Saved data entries
=-=-=
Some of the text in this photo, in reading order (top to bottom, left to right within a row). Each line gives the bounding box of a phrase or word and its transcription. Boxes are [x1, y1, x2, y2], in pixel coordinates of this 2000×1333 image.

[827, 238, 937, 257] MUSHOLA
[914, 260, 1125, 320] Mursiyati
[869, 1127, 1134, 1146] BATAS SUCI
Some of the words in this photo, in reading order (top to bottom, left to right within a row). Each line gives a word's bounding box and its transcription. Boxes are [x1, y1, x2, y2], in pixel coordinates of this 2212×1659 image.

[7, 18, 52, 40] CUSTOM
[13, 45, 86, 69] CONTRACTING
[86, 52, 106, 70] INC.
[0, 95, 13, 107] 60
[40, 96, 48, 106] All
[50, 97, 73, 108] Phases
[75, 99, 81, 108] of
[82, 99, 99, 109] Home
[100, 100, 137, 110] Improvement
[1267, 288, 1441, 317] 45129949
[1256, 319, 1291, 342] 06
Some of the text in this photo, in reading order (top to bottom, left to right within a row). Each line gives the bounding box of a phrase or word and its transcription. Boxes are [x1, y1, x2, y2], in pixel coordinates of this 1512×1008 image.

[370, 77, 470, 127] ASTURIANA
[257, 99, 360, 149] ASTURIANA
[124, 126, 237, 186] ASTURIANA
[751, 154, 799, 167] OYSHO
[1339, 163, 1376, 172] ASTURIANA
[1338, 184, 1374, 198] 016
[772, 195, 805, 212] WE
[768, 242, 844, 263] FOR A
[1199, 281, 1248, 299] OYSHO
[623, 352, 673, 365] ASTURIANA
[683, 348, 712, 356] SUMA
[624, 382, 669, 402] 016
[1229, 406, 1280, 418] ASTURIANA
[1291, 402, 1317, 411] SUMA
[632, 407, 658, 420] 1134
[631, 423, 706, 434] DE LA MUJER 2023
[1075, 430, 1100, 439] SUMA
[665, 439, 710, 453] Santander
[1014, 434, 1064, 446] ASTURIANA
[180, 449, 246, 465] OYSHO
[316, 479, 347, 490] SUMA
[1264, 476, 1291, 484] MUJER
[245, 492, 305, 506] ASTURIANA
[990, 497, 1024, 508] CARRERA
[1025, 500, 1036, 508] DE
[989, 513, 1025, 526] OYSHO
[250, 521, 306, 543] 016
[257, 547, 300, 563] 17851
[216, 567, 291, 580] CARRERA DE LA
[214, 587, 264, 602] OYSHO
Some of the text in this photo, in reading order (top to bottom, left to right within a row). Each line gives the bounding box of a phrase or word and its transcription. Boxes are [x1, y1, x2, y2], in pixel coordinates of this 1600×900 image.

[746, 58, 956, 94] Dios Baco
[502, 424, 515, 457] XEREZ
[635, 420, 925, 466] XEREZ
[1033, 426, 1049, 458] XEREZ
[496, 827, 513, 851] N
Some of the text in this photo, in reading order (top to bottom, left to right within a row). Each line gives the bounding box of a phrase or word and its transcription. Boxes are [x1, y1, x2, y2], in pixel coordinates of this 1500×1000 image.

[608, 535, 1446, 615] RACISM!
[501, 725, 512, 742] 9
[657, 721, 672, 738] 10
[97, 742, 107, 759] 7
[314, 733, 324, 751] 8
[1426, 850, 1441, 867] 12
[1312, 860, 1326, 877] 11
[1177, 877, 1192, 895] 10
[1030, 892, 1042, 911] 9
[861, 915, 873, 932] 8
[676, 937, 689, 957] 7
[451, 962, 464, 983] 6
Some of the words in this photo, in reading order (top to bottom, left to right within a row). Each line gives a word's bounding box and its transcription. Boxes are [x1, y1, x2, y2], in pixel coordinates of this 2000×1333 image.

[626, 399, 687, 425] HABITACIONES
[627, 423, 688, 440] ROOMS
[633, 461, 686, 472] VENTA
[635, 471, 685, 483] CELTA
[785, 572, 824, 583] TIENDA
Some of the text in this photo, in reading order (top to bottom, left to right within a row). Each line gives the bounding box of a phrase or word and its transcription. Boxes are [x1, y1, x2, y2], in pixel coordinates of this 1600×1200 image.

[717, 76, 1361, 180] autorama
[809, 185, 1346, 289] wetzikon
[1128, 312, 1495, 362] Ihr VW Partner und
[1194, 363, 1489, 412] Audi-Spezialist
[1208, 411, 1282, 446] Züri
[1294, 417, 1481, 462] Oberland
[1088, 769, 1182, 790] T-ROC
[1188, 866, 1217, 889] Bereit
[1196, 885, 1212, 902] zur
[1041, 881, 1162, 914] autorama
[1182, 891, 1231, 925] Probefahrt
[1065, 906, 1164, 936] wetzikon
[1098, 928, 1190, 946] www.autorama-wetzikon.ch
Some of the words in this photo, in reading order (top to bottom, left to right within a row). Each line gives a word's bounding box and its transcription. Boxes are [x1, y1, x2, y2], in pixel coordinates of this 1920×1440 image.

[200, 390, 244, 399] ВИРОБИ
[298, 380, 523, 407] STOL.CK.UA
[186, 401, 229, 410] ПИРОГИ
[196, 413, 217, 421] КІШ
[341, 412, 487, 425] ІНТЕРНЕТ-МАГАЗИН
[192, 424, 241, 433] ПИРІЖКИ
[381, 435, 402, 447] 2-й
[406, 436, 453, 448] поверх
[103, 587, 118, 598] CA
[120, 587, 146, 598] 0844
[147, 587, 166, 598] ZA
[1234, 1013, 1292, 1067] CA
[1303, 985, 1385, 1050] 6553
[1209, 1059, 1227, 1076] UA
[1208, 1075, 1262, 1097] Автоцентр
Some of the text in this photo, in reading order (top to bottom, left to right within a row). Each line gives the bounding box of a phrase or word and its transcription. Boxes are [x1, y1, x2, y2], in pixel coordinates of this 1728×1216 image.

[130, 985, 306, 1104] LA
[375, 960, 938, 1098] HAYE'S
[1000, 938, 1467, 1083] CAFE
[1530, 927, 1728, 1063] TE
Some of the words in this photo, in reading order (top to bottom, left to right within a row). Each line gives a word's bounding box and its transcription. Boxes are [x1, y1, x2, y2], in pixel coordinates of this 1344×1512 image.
=-=-=
* WORK INSTRUCTION
Nothing in the records may be dropped; reproduce them exactly.

* FINAL ANSWER
Some of the text in this photo, in reading order (top to bottom, left to right within a row). Each line gives the bounding box of a phrase or word and its transcription. Boxes are [x1, y1, x2, y2], in pixel coordinates of this 2000×1333 image.

[827, 238, 937, 257] MUSHOLA
[914, 260, 1125, 320] Mursiyati
[869, 1127, 1134, 1146] BATAS SUCI
Some of the words in this photo, in reading order (top to bottom, left to right within a row). Each line gives a word's bounding box and its transcription. Boxes are [x1, y1, x2, y2], in pixel coordinates of this 2212×1659 image.

[7, 18, 52, 40] CUSTOM
[13, 45, 86, 69] CONTRACTING
[86, 52, 106, 70] INC.
[0, 95, 13, 107] 60
[40, 96, 48, 106] All
[50, 97, 73, 108] Phases
[75, 99, 81, 108] of
[82, 99, 99, 109] Home
[100, 100, 137, 110] Improvement
[1267, 288, 1441, 317] 45129949
[1256, 319, 1291, 342] 06
Some of the text in this photo, in reading order (top to bottom, left to right within a row). Each line gives the bounding box of a phrase or word and its transcription. Boxes are [x1, y1, x2, y2], in pixel coordinates of this 1512×1008 image.

[370, 77, 470, 127] ASTURIANA
[257, 99, 360, 149] ASTURIANA
[124, 126, 237, 186] ASTURIANA
[751, 154, 799, 167] OYSHO
[1339, 163, 1376, 172] ASTURIANA
[1338, 184, 1374, 198] 016
[772, 195, 805, 212] WE
[768, 242, 844, 263] FOR A
[1199, 281, 1248, 299] OYSHO
[623, 352, 673, 365] ASTURIANA
[683, 348, 712, 356] SUMA
[624, 382, 669, 402] 016
[1229, 406, 1280, 418] ASTURIANA
[1291, 402, 1317, 411] SUMA
[632, 407, 658, 420] 1134
[631, 423, 706, 434] DE LA MUJER 2023
[1075, 430, 1100, 439] SUMA
[665, 439, 710, 453] Santander
[1014, 434, 1064, 446] ASTURIANA
[180, 449, 246, 465] OYSHO
[316, 479, 347, 490] SUMA
[1264, 476, 1291, 484] MUJER
[245, 492, 305, 506] ASTURIANA
[990, 497, 1024, 508] CARRERA
[1025, 500, 1036, 508] DE
[989, 513, 1025, 526] OYSHO
[250, 521, 306, 543] 016
[257, 547, 300, 563] 17851
[216, 567, 291, 580] CARRERA DE LA
[214, 587, 264, 602] OYSHO
Some of the text in this photo, in reading order (top to bottom, left to right within a row). Each line gives the bounding box of a phrase or word and its transcription. Boxes are [x1, y1, x2, y2], in pixel coordinates of this 1600×900 image.

[746, 58, 956, 94] Dios Baco
[502, 424, 515, 457] XEREZ
[635, 420, 925, 466] XEREZ
[1033, 426, 1049, 458] XEREZ
[496, 827, 513, 851] N
Some of the text in this photo, in reading order (top to bottom, left to right within a row). Each line gives the bounding box of a phrase or word and its transcription. Boxes are [x1, y1, x2, y2], in pixel coordinates of this 1500×1000 image.

[608, 535, 1446, 615] RACISM!
[501, 725, 512, 742] 9
[657, 721, 672, 738] 10
[97, 742, 107, 759] 7
[314, 733, 324, 751] 8
[1426, 850, 1441, 867] 12
[1312, 860, 1326, 877] 11
[1177, 877, 1192, 895] 10
[1030, 892, 1042, 911] 9
[861, 915, 873, 932] 8
[676, 937, 689, 957] 7
[451, 962, 464, 983] 6
Some of the words in this photo, in reading order (top to bottom, left to right within a row). Each line gives a word's bounding box and its transcription. Boxes are [x1, y1, x2, y2], in pixel coordinates of this 2000×1333 image.

[626, 399, 687, 425] HABITACIONES
[627, 423, 688, 440] ROOMS
[633, 461, 686, 472] VENTA
[635, 471, 685, 483] CELTA
[785, 572, 824, 583] TIENDA
Some of the text in this photo, in reading order (top to bottom, left to right within a row). Each line gives the bounding box of a phrase or word and its transcription. Boxes are [x1, y1, x2, y2], in pixel coordinates of this 1600×1200 image.

[717, 76, 1361, 180] autorama
[809, 185, 1346, 289] wetzikon
[1128, 312, 1495, 362] Ihr VW Partner und
[1194, 363, 1489, 412] Audi-Spezialist
[1208, 411, 1282, 446] Züri
[1294, 417, 1481, 462] Oberland
[1088, 769, 1182, 790] T-ROC
[1188, 866, 1217, 889] Bereit
[1196, 885, 1212, 902] zur
[1041, 881, 1162, 914] autorama
[1182, 891, 1231, 925] Probefahrt
[1065, 906, 1164, 936] wetzikon
[1098, 928, 1190, 946] www.autorama-wetzikon.ch
Some of the words in this photo, in reading order (top to bottom, left to right within a row). Each line gives a word's bounding box and its transcription. Boxes are [x1, y1, x2, y2], in pixel coordinates of this 1920×1440 image.

[200, 390, 244, 399] ВИРОБИ
[298, 380, 523, 407] STOL.CK.UA
[186, 401, 229, 410] ПИРОГИ
[196, 413, 217, 421] КІШ
[341, 412, 487, 425] ІНТЕРНЕТ-МАГАЗИН
[192, 424, 241, 433] ПИРІЖКИ
[381, 435, 402, 447] 2-й
[406, 436, 453, 448] поверх
[103, 587, 118, 598] CA
[120, 587, 146, 598] 0844
[147, 587, 166, 598] ZA
[1234, 1013, 1292, 1067] CA
[1303, 985, 1385, 1050] 6553
[1209, 1059, 1227, 1076] UA
[1208, 1075, 1262, 1097] Автоцентр
Some of the text in this photo, in reading order (top to bottom, left to right within a row). Each line gives the bounding box of a phrase or word and its transcription. Boxes are [x1, y1, x2, y2], in pixel coordinates of this 1728×1216 image.

[130, 985, 306, 1104] LA
[375, 960, 938, 1098] HAYE'S
[1000, 938, 1467, 1083] CAFE
[1530, 927, 1728, 1063] TE
Some of the words in this photo, in reading order (top to bottom, left to right within a row). Each line gives a word's bounding box and its transcription. Boxes are [x1, y1, x2, y2], in pixel coordinates of this 1344×1512 image.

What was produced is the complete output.